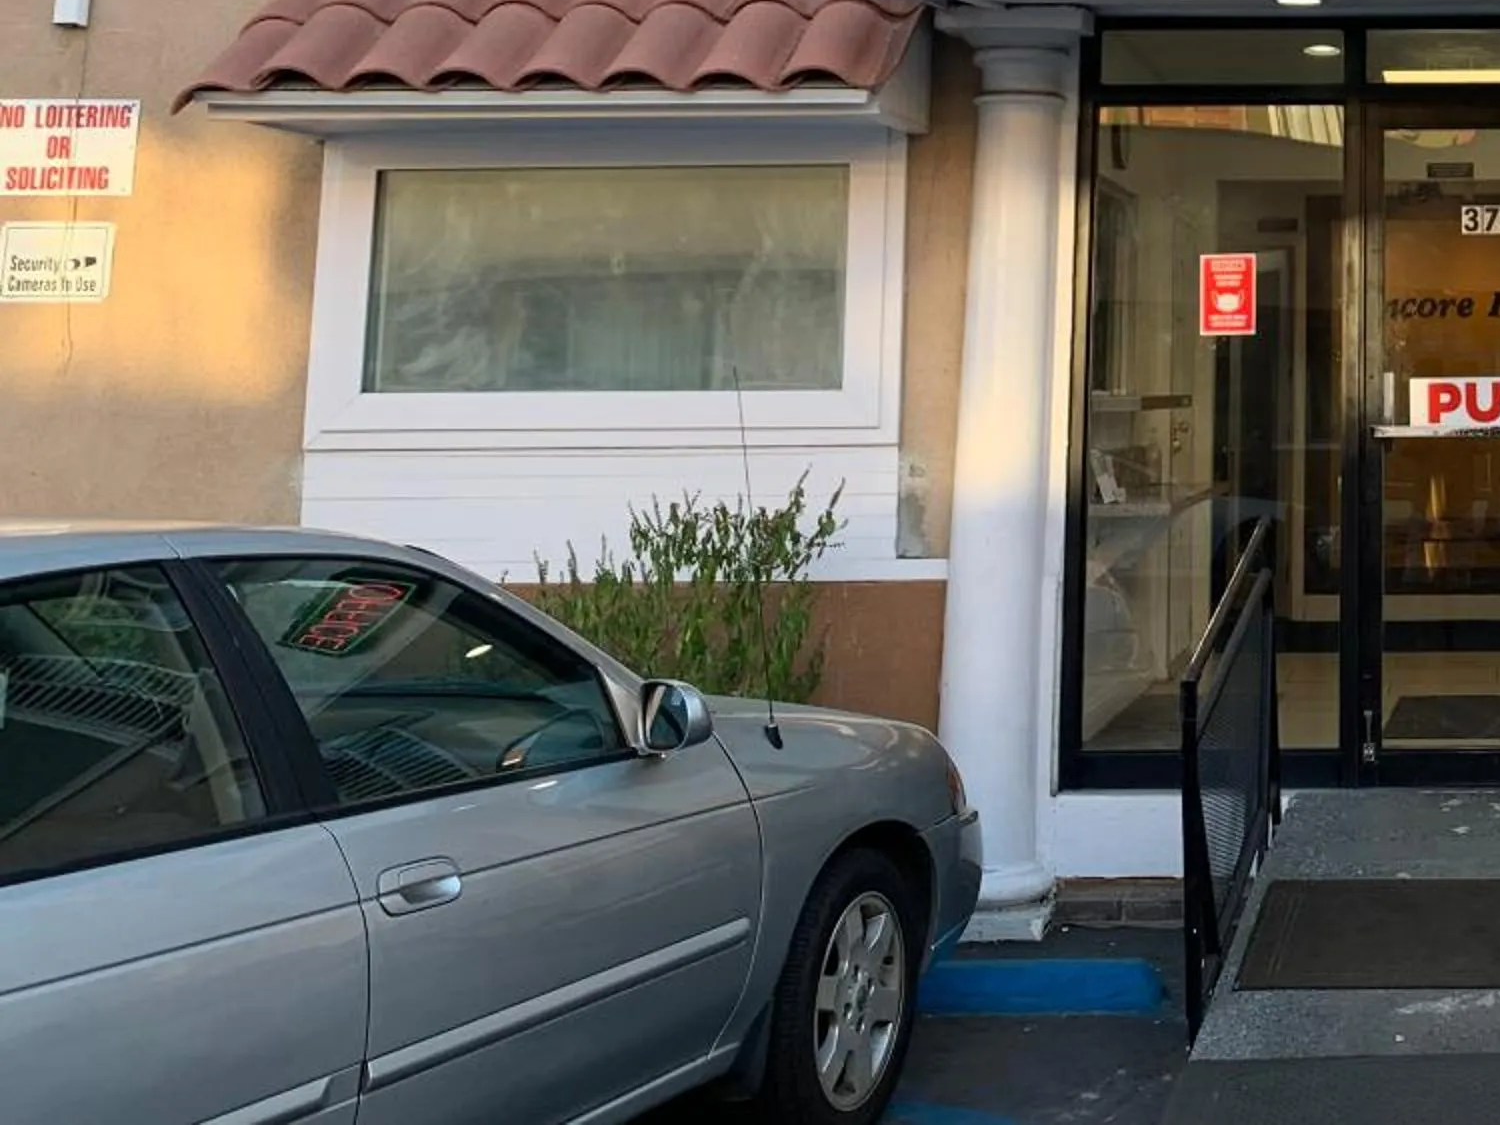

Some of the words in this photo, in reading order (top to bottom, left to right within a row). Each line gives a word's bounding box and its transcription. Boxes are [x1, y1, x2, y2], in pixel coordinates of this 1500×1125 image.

[0, 104, 25, 128] NO
[35, 104, 131, 128] LOITERING
[46, 135, 71, 160] OR
[5, 166, 109, 191] SOLICITING
[10, 255, 59, 275] Security
[8, 275, 57, 292] Cameras
[76, 276, 96, 292] Use
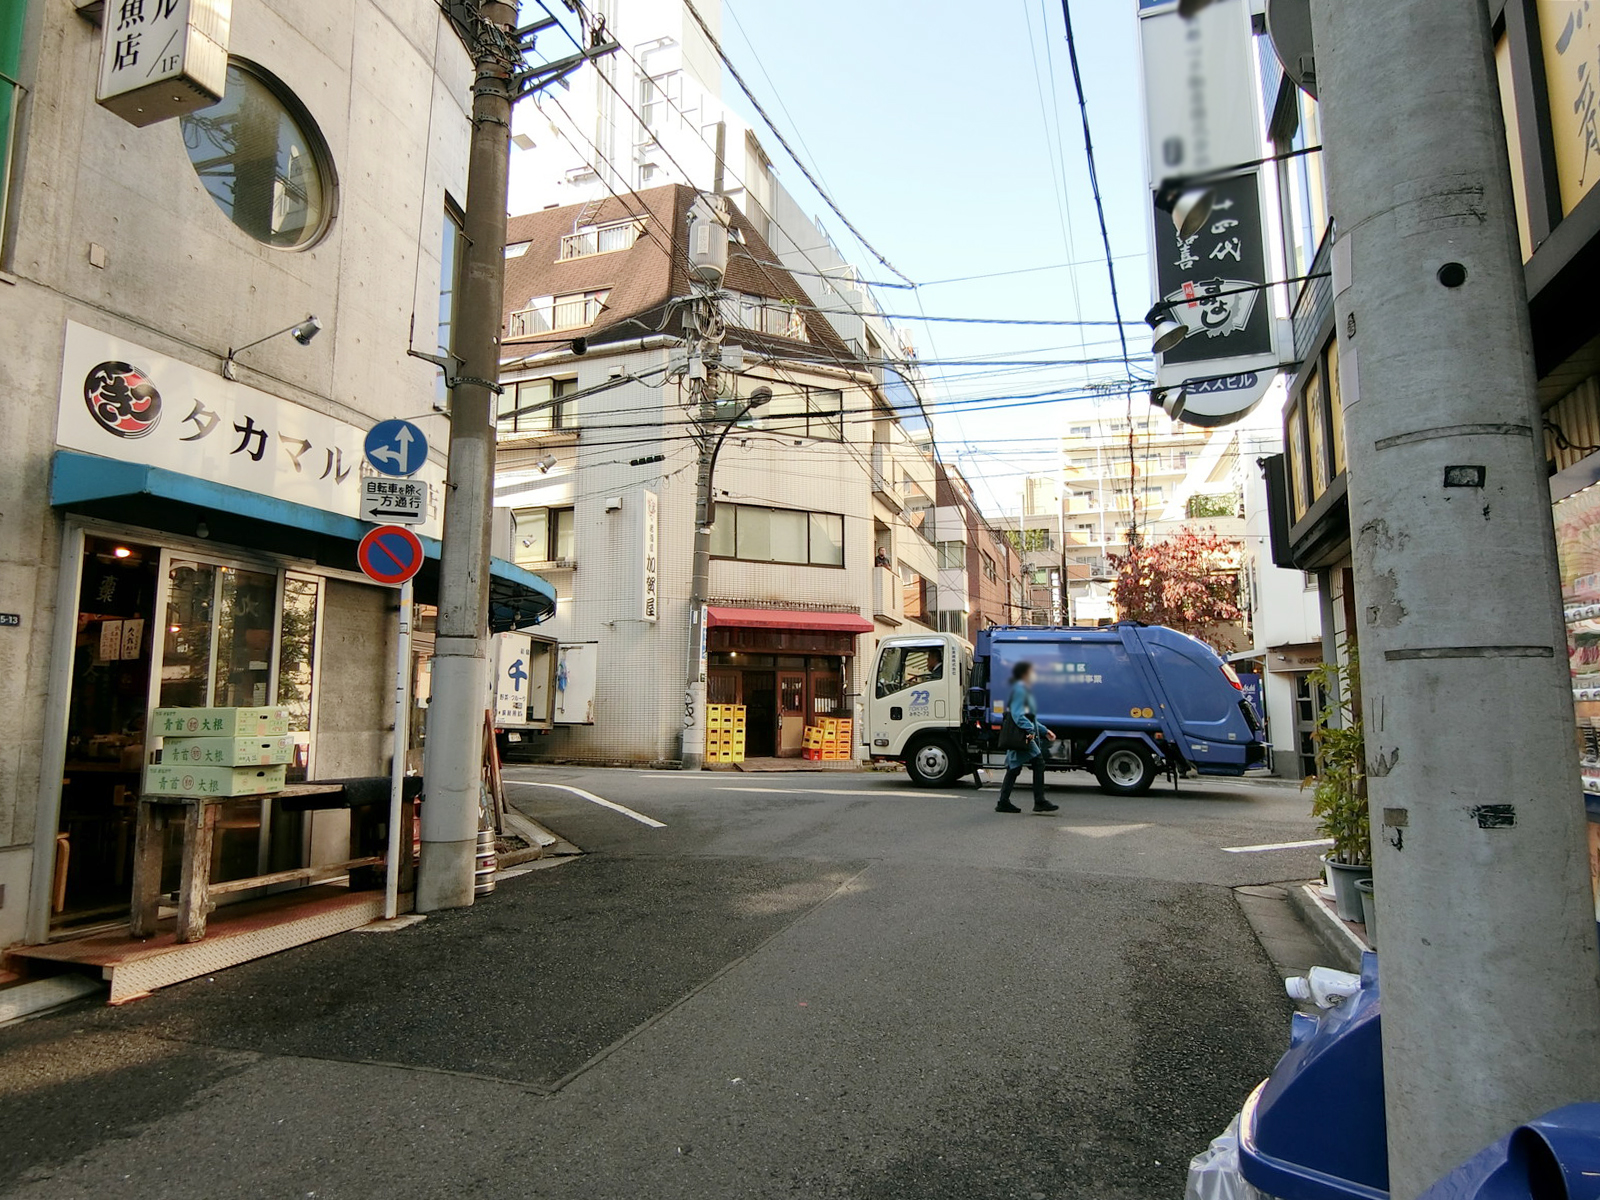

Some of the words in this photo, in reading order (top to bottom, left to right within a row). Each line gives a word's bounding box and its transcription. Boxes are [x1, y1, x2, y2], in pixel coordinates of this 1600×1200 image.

──────────

» **Your assignment**: Transcribe every entry exactly, omitting pictures.

» **Solution below**:
Some of the words in this photo, in reading order (top to bottom, left to right within a row). Each line gives a word's bounding box and its transcription. Boxes are [x1, y1, x2, y2], in pixel coordinates of this 1500×1125 image.

[0, 104, 25, 128] NO
[35, 104, 131, 128] LOITERING
[46, 135, 71, 160] OR
[5, 166, 109, 191] SOLICITING
[10, 255, 59, 275] Security
[8, 275, 57, 292] Cameras
[76, 276, 96, 292] Use

Some of the words in this photo, in reading order (top to bottom, left to right within a row). Each line gives a word's bounding box and its transcription. Boxes are [x1, y1, x2, y2], in pixel coordinates of this 1600×1200 image.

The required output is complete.